→ **Exercise details**:
Your reply should be a faithful copy of the records below, free of pictures.

→ **Source records**:
-=-=-

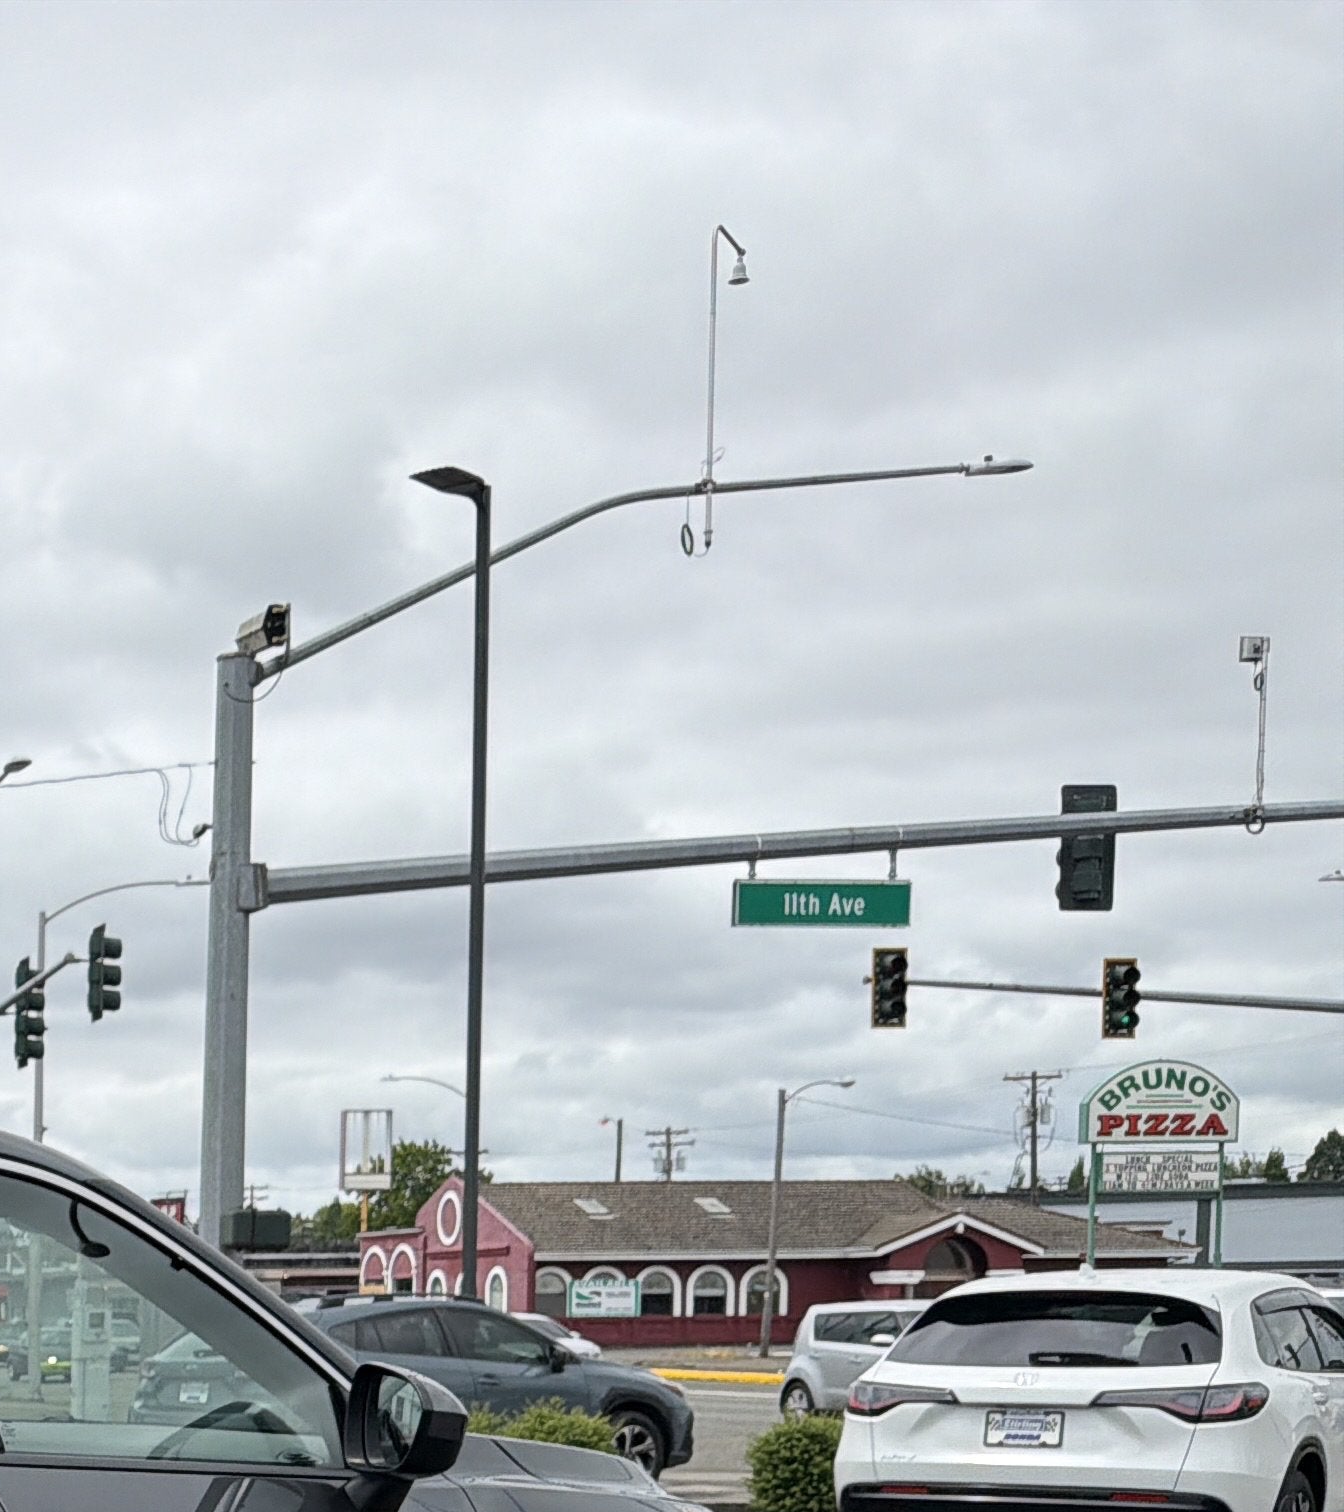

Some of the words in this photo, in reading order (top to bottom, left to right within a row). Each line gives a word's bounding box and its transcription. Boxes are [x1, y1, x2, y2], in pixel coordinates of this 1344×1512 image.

[784, 892, 820, 916] 11th
[828, 892, 866, 916] Ave
[1097, 1067, 1232, 1112] BRUNO'S
[1097, 1113, 1229, 1137] PIZZA
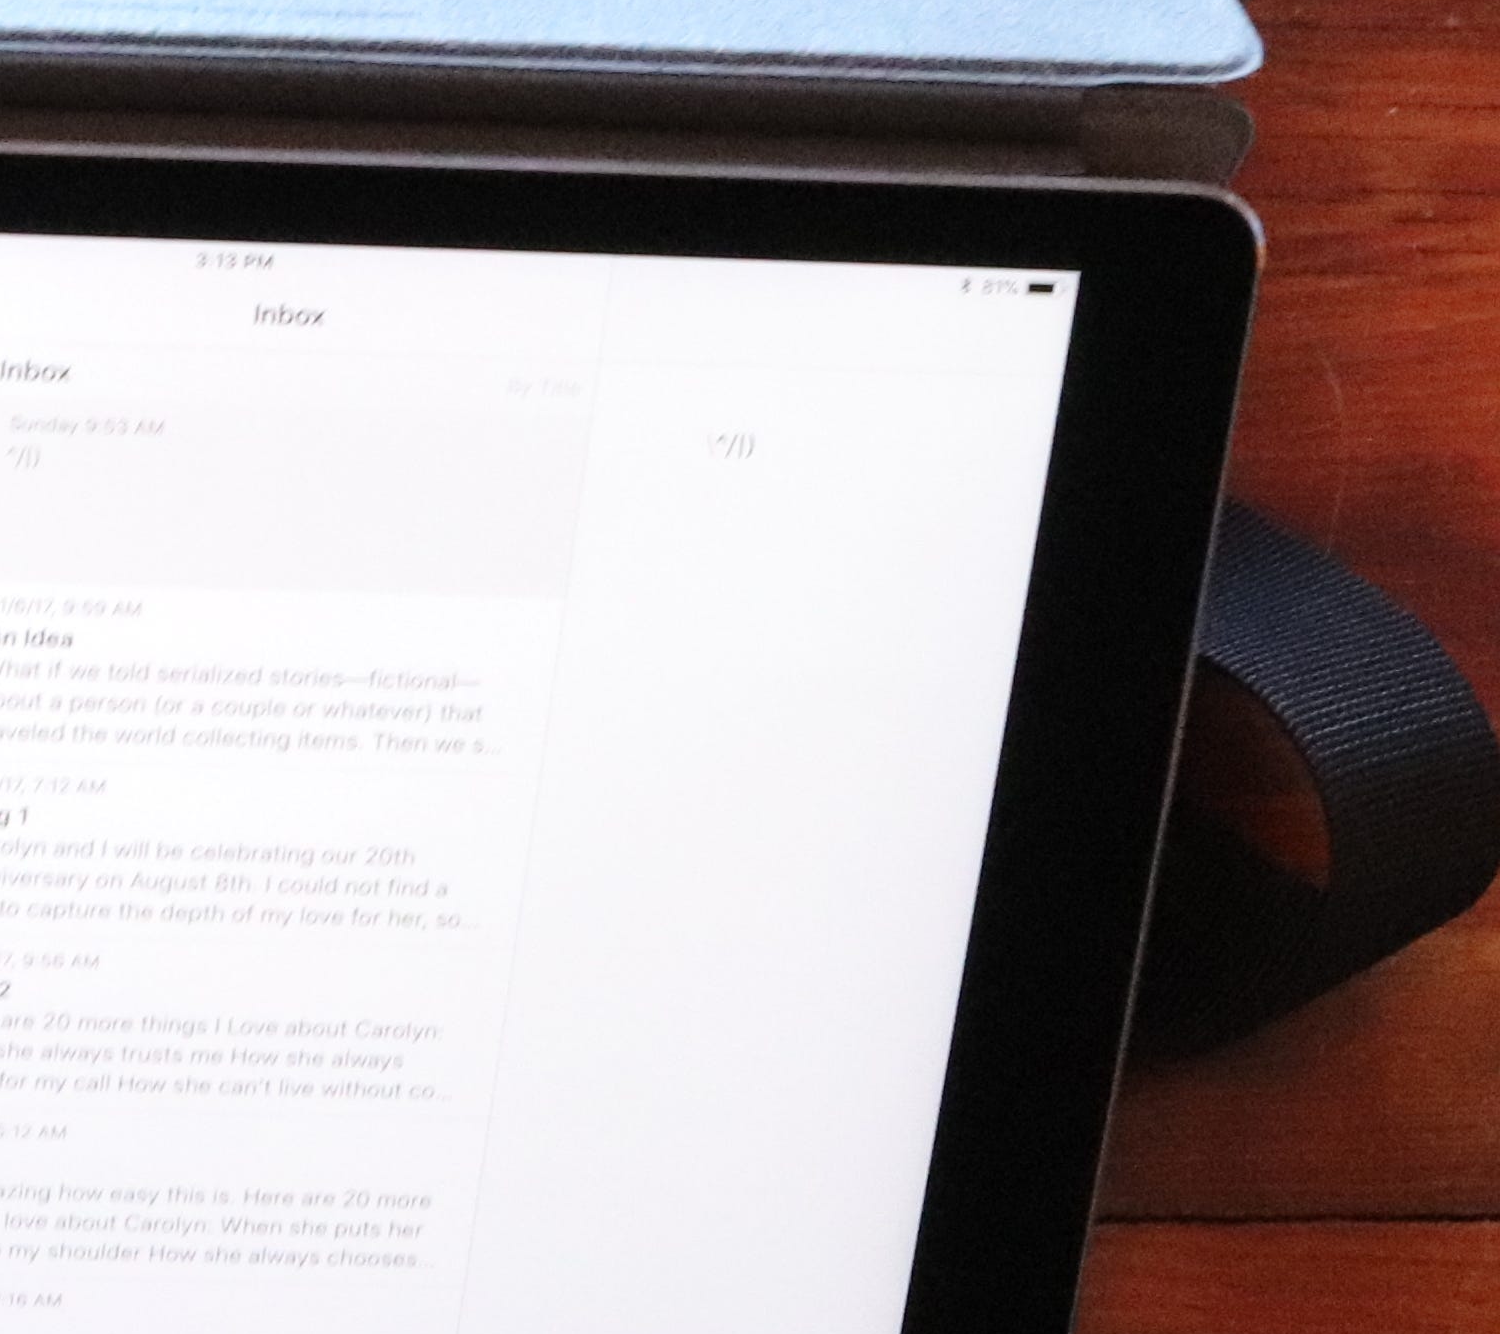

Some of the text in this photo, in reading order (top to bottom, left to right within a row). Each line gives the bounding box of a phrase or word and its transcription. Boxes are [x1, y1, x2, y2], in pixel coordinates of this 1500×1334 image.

[253, 303, 326, 326] Inbox
[0, 359, 71, 382] Inbox
[24, 628, 74, 648] Idea
[47, 659, 63, 680] if
[68, 664, 101, 682] we
[108, 662, 151, 683] told
[157, 664, 264, 686] serialized
[49, 695, 63, 712] a
[68, 695, 147, 716] person
[154, 695, 185, 716] (or
[190, 699, 205, 716] a
[210, 697, 287, 721] couple
[292, 701, 317, 719] or
[321, 700, 433, 725] whatever)
[440, 703, 484, 723] that
[71, 723, 108, 744] the
[114, 724, 177, 746] world
[181, 726, 292, 754] collecting
[297, 729, 362, 751] items.
[373, 731, 429, 753] Then
[434, 737, 467, 755] we
[19, 806, 28, 825] 1
[52, 839, 96, 860] and
[113, 839, 150, 860] will
[155, 840, 184, 861] be
[190, 842, 316, 869] celebrating
[320, 849, 358, 866] our
[363, 845, 416, 867] 20th
[39, 1042, 115, 1067] always
[120, 1045, 184, 1065] trusts
[189, 1049, 224, 1066] me
[230, 1047, 280, 1068] How
[285, 1048, 325, 1068] she
[331, 1048, 404, 1074] always
[58, 1182, 105, 1203] how
[109, 1187, 160, 1209] easy
[166, 1185, 206, 1205] this
[242, 1188, 295, 1208] Here
[300, 1191, 337, 1208] are
[342, 1188, 371, 1210] 20
[376, 1193, 433, 1210] more

-=-=-

→ **Output**:
Some of the words in this photo, in reading order (top to bottom, left to right within a row). Each line gives a word's bounding box and its transcription. Boxes are [x1, y1, x2, y2], in pixel coordinates of this 1344×1512 image.

[784, 892, 820, 916] 11th
[828, 892, 866, 916] Ave
[1097, 1067, 1232, 1112] BRUNO'S
[1097, 1113, 1229, 1137] PIZZA

Some of the text in this photo, in reading order (top to bottom, left to right within a row). Each line gives the bounding box of a phrase or word and its transcription. Boxes are [x1, y1, x2, y2], in pixel coordinates of this 1500×1334 image.

[253, 303, 326, 326] Inbox
[0, 359, 71, 382] Inbox
[24, 628, 74, 648] Idea
[47, 659, 63, 680] if
[68, 664, 101, 682] we
[108, 662, 151, 683] told
[157, 664, 264, 686] serialized
[49, 695, 63, 712] a
[68, 695, 147, 716] person
[154, 695, 185, 716] (or
[190, 699, 205, 716] a
[210, 697, 287, 721] couple
[292, 701, 317, 719] or
[321, 700, 433, 725] whatever)
[440, 703, 484, 723] that
[71, 723, 108, 744] the
[114, 724, 177, 746] world
[181, 726, 292, 754] collecting
[297, 729, 362, 751] items.
[373, 731, 429, 753] Then
[434, 737, 467, 755] we
[19, 806, 28, 825] 1
[52, 839, 96, 860] and
[113, 839, 150, 860] will
[155, 840, 184, 861] be
[190, 842, 316, 869] celebrating
[320, 849, 358, 866] our
[363, 845, 416, 867] 20th
[39, 1042, 115, 1067] always
[120, 1045, 184, 1065] trusts
[189, 1049, 224, 1066] me
[230, 1047, 280, 1068] How
[285, 1048, 325, 1068] she
[331, 1048, 404, 1074] always
[58, 1182, 105, 1203] how
[109, 1187, 160, 1209] easy
[166, 1185, 206, 1205] this
[242, 1188, 295, 1208] Here
[300, 1191, 337, 1208] are
[342, 1188, 371, 1210] 20
[376, 1193, 433, 1210] more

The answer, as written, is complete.